[Annotated photo localization data]
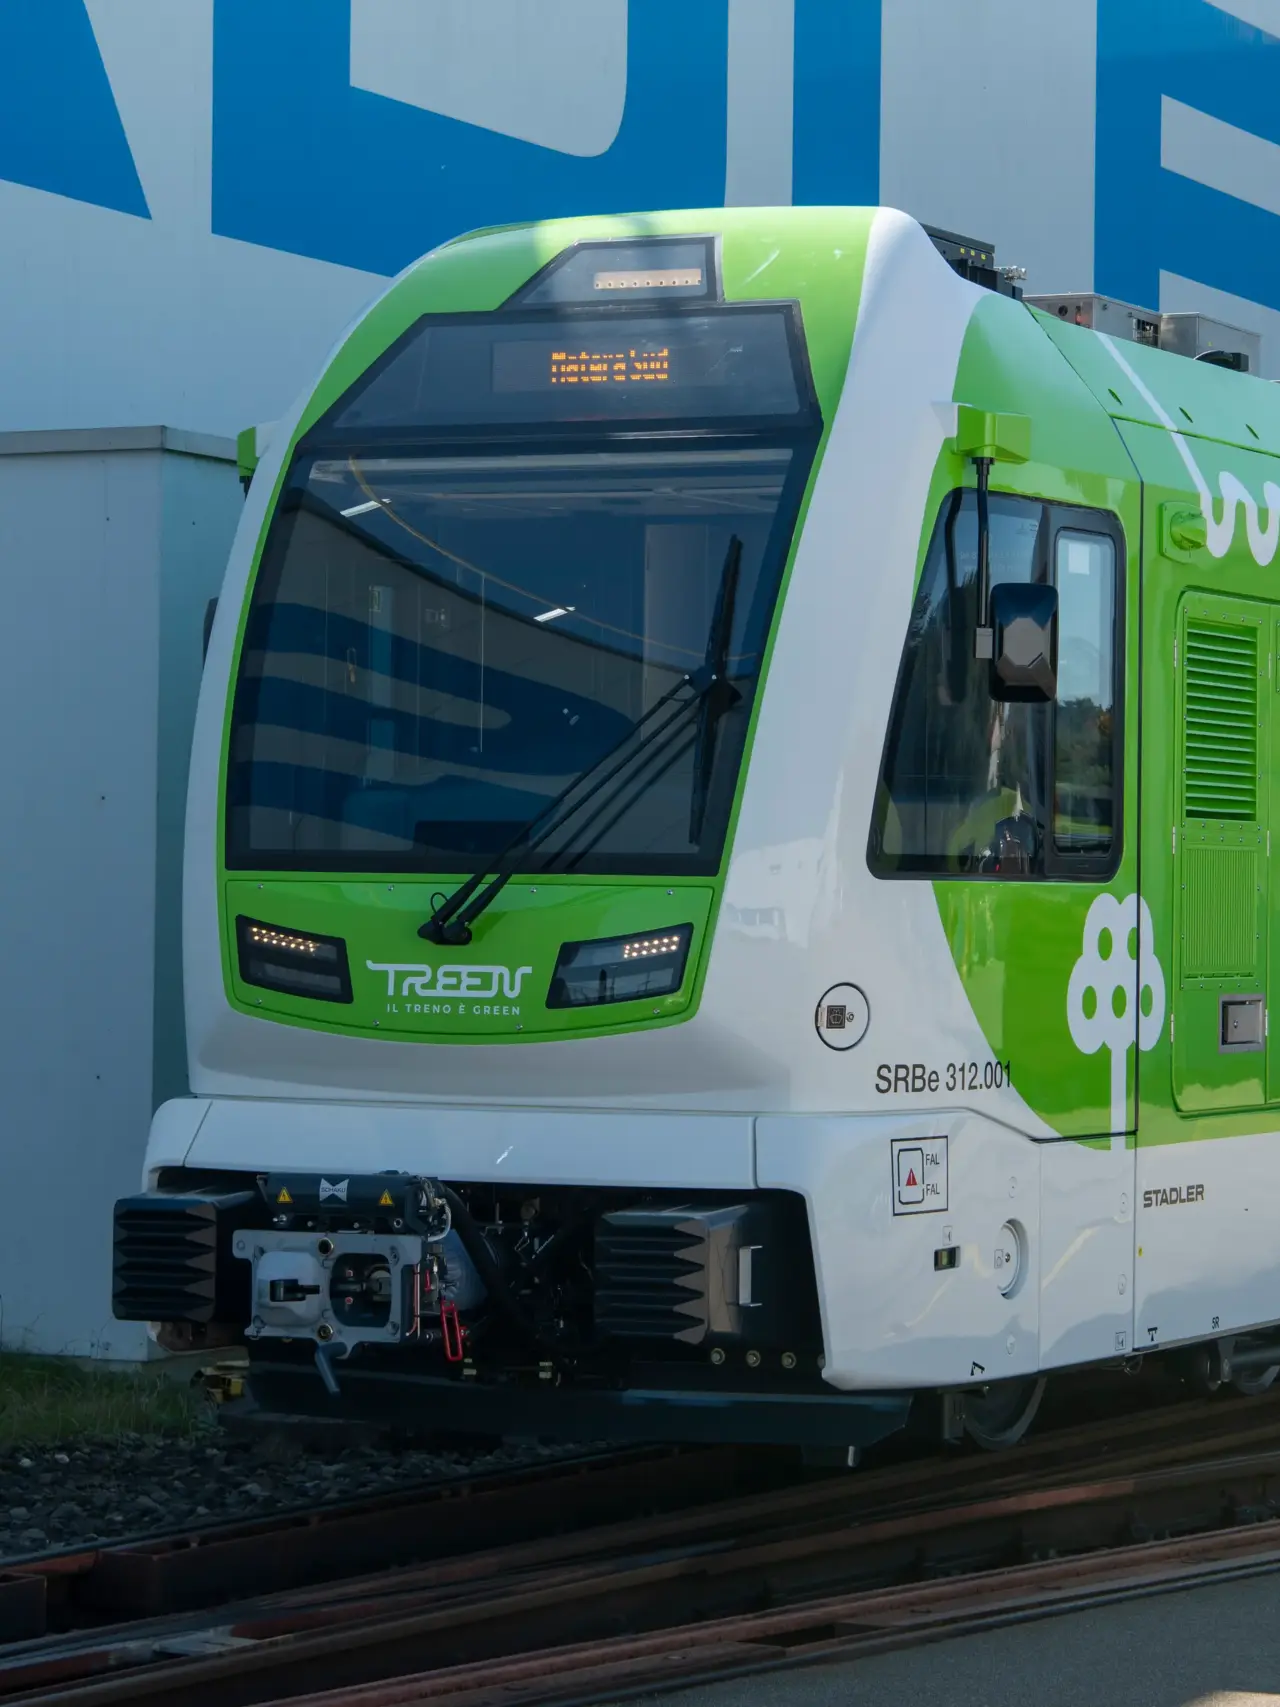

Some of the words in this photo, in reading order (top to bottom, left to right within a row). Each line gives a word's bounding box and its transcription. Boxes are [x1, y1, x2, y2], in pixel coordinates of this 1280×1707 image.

[366, 959, 533, 999] TREEN
[386, 1003, 399, 1014] IL
[405, 1004, 451, 1015] TRENO
[473, 1005, 521, 1016] GREEN
[875, 1063, 940, 1094] SRBe
[945, 1060, 1011, 1092] 312.001
[925, 1153, 940, 1166] FAL
[925, 1183, 940, 1196] FAL
[1143, 1183, 1205, 1209] STADLER
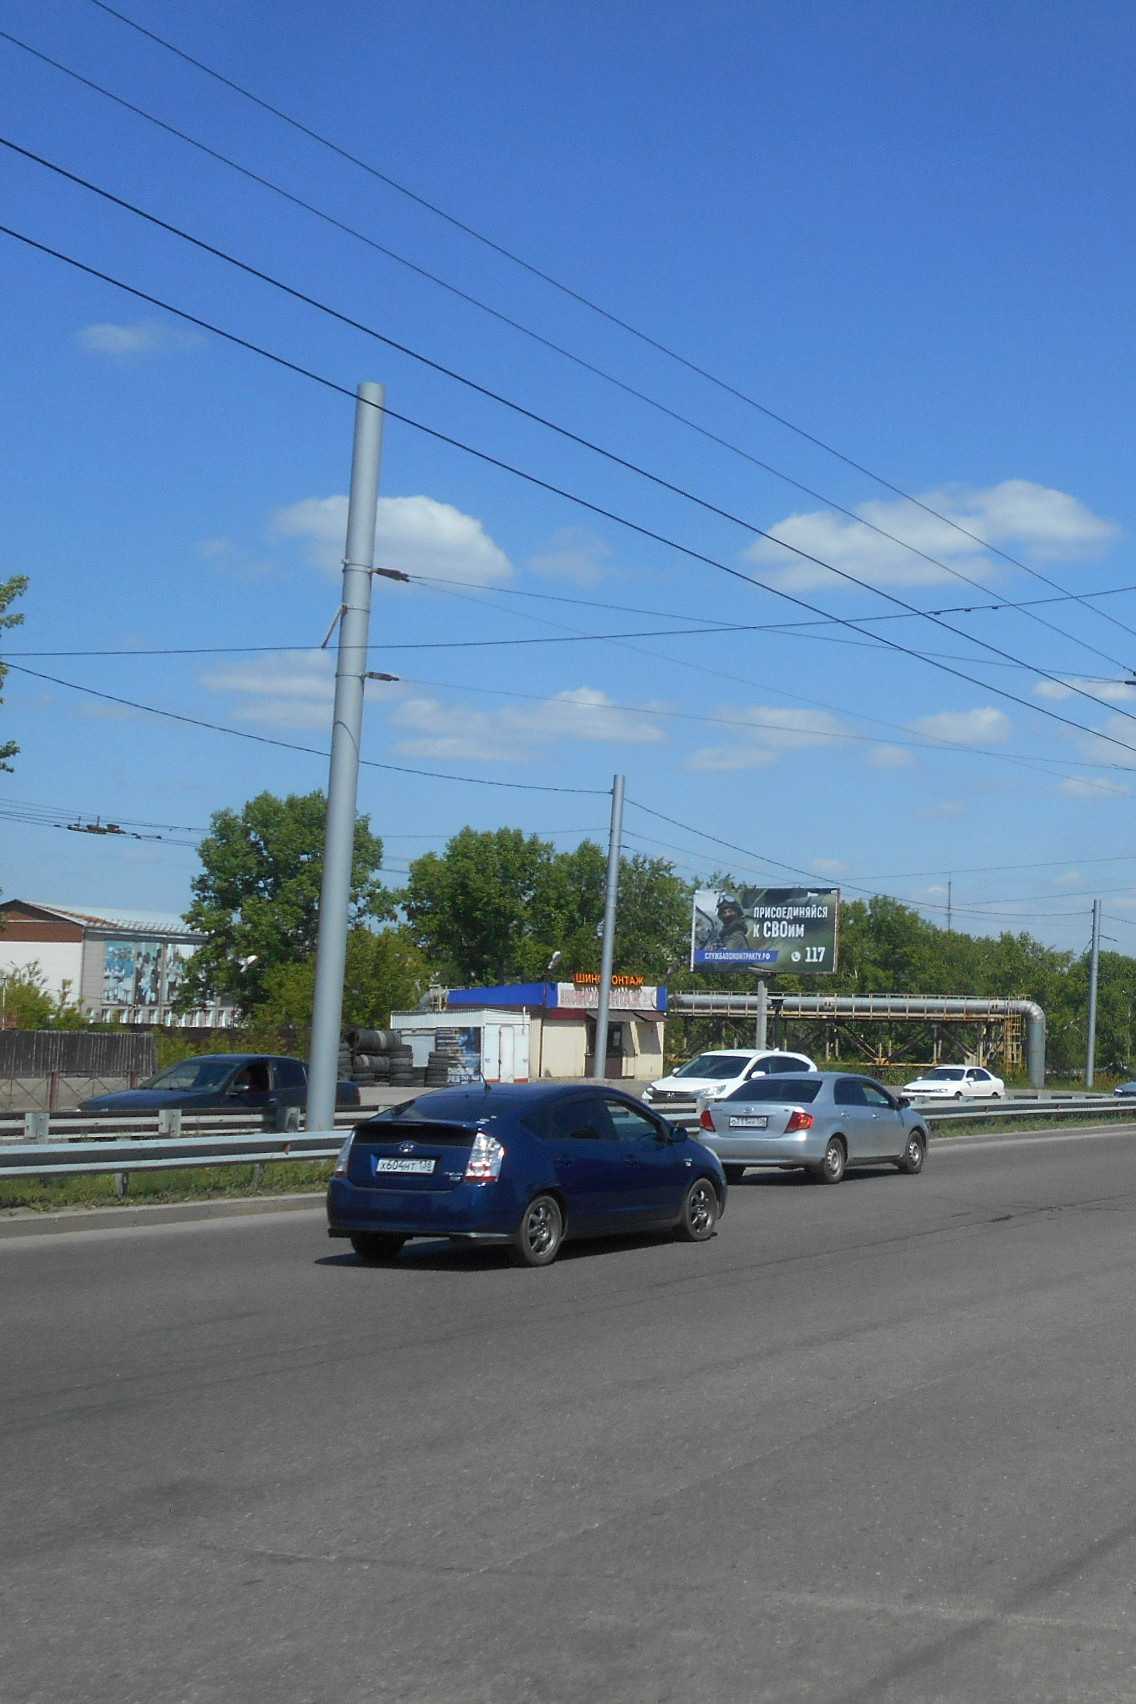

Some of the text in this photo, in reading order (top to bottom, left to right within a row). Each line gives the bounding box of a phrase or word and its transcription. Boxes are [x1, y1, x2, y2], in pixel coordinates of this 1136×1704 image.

[753, 904, 829, 920] ПРИСОЕДИНЯЙСЯ
[704, 952, 771, 961] СЛУЖБАПОКОНТРАКТУ.РФ
[805, 946, 826, 963] 117
[575, 973, 645, 986] ШИНООНТАЖ

* **PROBLEM**
The full set of entries should be transcribed exactly, pictures left aside.

* **RESPONSE**
Some of the words in this photo, in reading order (top to bottom, left to right within a row). Each line gives a word's bounding box and its transcription. Boxes are [x1, y1, x2, y2], in pixel coordinates of this 1280×1707 image.

[366, 959, 533, 999] TREEN
[386, 1003, 399, 1014] IL
[405, 1004, 451, 1015] TRENO
[473, 1005, 521, 1016] GREEN
[875, 1063, 940, 1094] SRBe
[945, 1060, 1011, 1092] 312.001
[925, 1153, 940, 1166] FAL
[925, 1183, 940, 1196] FAL
[1143, 1183, 1205, 1209] STADLER

Some of the text in this photo, in reading order (top to bottom, left to right within a row). Each line gives the bounding box of a phrase or word and its transcription. Boxes are [x1, y1, x2, y2], in pixel coordinates of this 1136×1704 image.

[753, 904, 829, 920] ПРИСОЕДИНЯЙСЯ
[704, 952, 771, 961] СЛУЖБАПОКОНТРАКТУ.РФ
[805, 946, 826, 963] 117
[575, 973, 645, 986] ШИНООНТАЖ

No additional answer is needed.